Give back every record word for word, keeping the pictures out.

- - - - -

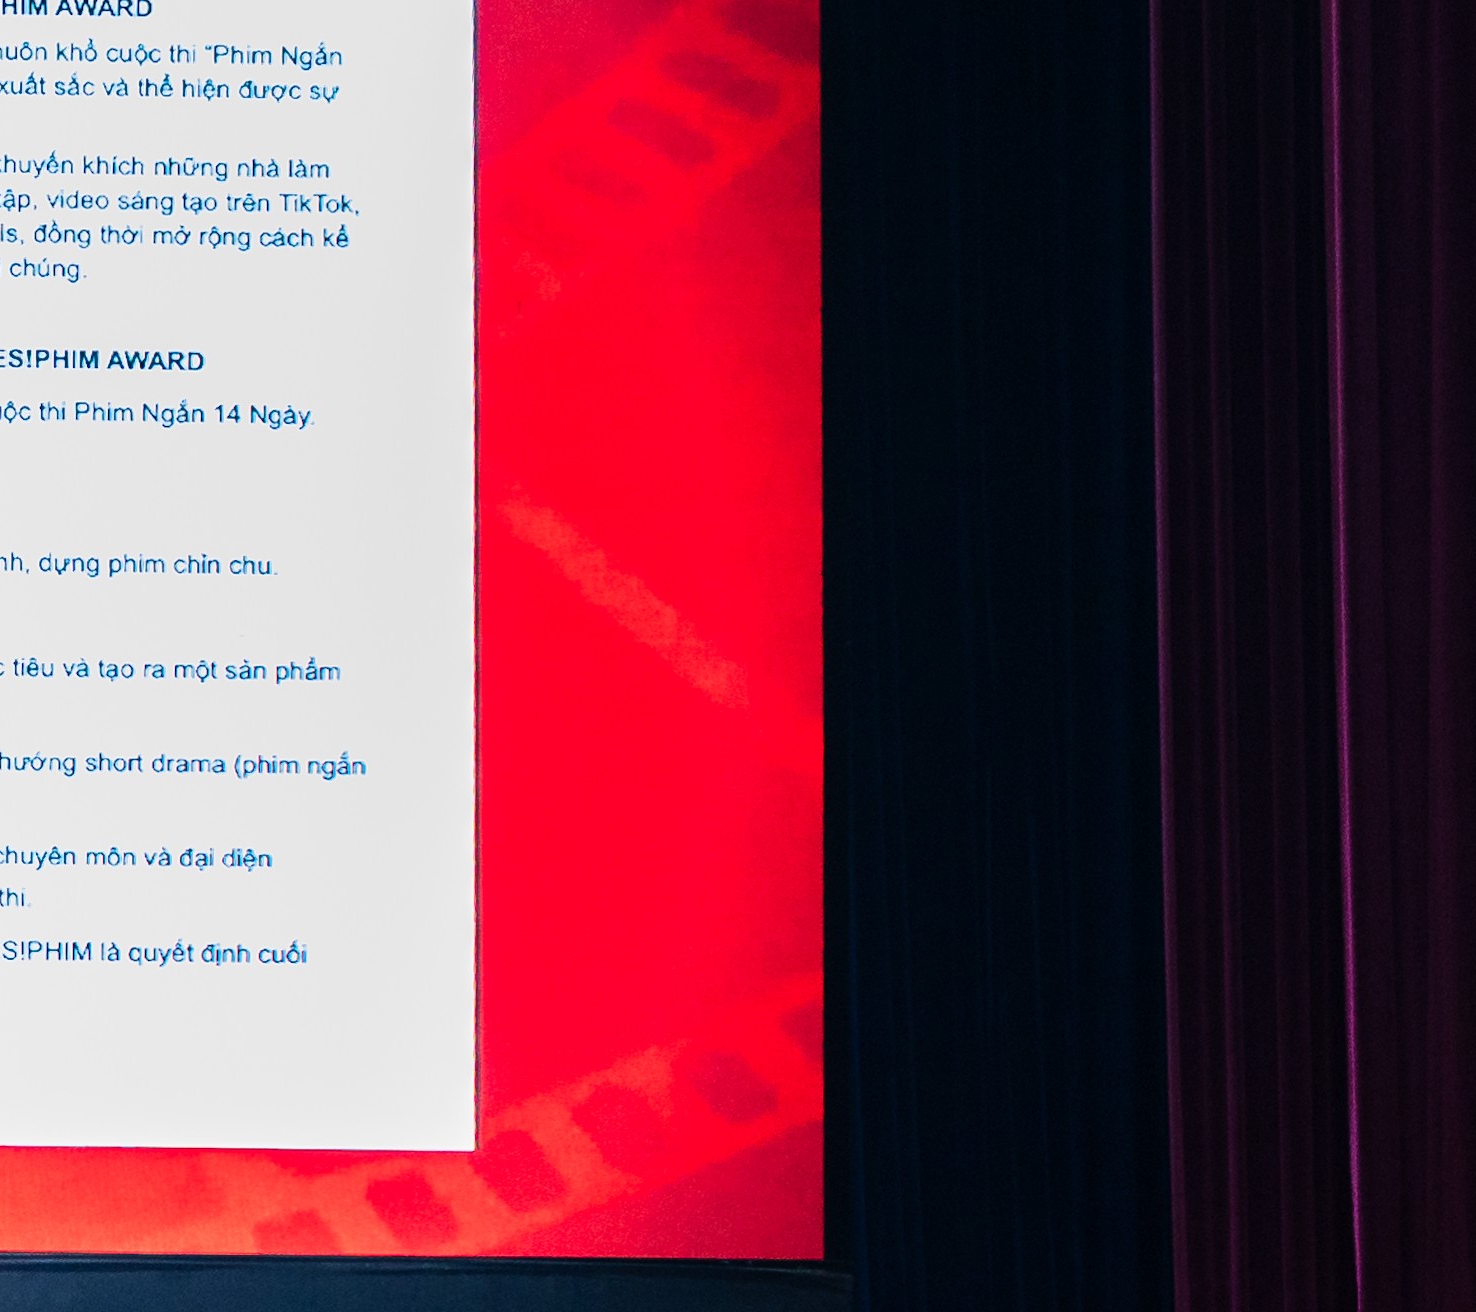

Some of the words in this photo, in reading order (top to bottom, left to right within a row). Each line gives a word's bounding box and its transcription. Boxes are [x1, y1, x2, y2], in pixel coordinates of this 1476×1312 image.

[56, 38, 98, 62] khổ
[106, 43, 161, 66] cuộc
[169, 45, 196, 63] thi
[205, 44, 272, 65] “Phim
[282, 42, 342, 71] Ngắn
[9, 258, 88, 283] chúng.
[107, 351, 205, 371] AWARD
[86, 847, 137, 866] môn
[144, 847, 172, 867] và
[179, 848, 214, 871] đại
[222, 848, 273, 872] diện

- - - - -

## Written answer
Some of the words in this photo, in reading order (top to bottom, left to right within a row). Each line gives a word's bounding box and its transcription. Boxes are [x1, y1, x2, y2], in pixel coordinates of this 1476×1312 image.

[56, 38, 98, 62] khổ
[106, 43, 161, 66] cuộc
[169, 45, 196, 63] thi
[205, 44, 272, 65] “Phim
[282, 42, 342, 71] Ngắn
[9, 258, 88, 283] chúng.
[107, 351, 205, 371] AWARD
[86, 847, 137, 866] môn
[144, 847, 172, 867] và
[179, 848, 214, 871] đại
[222, 848, 273, 872] diện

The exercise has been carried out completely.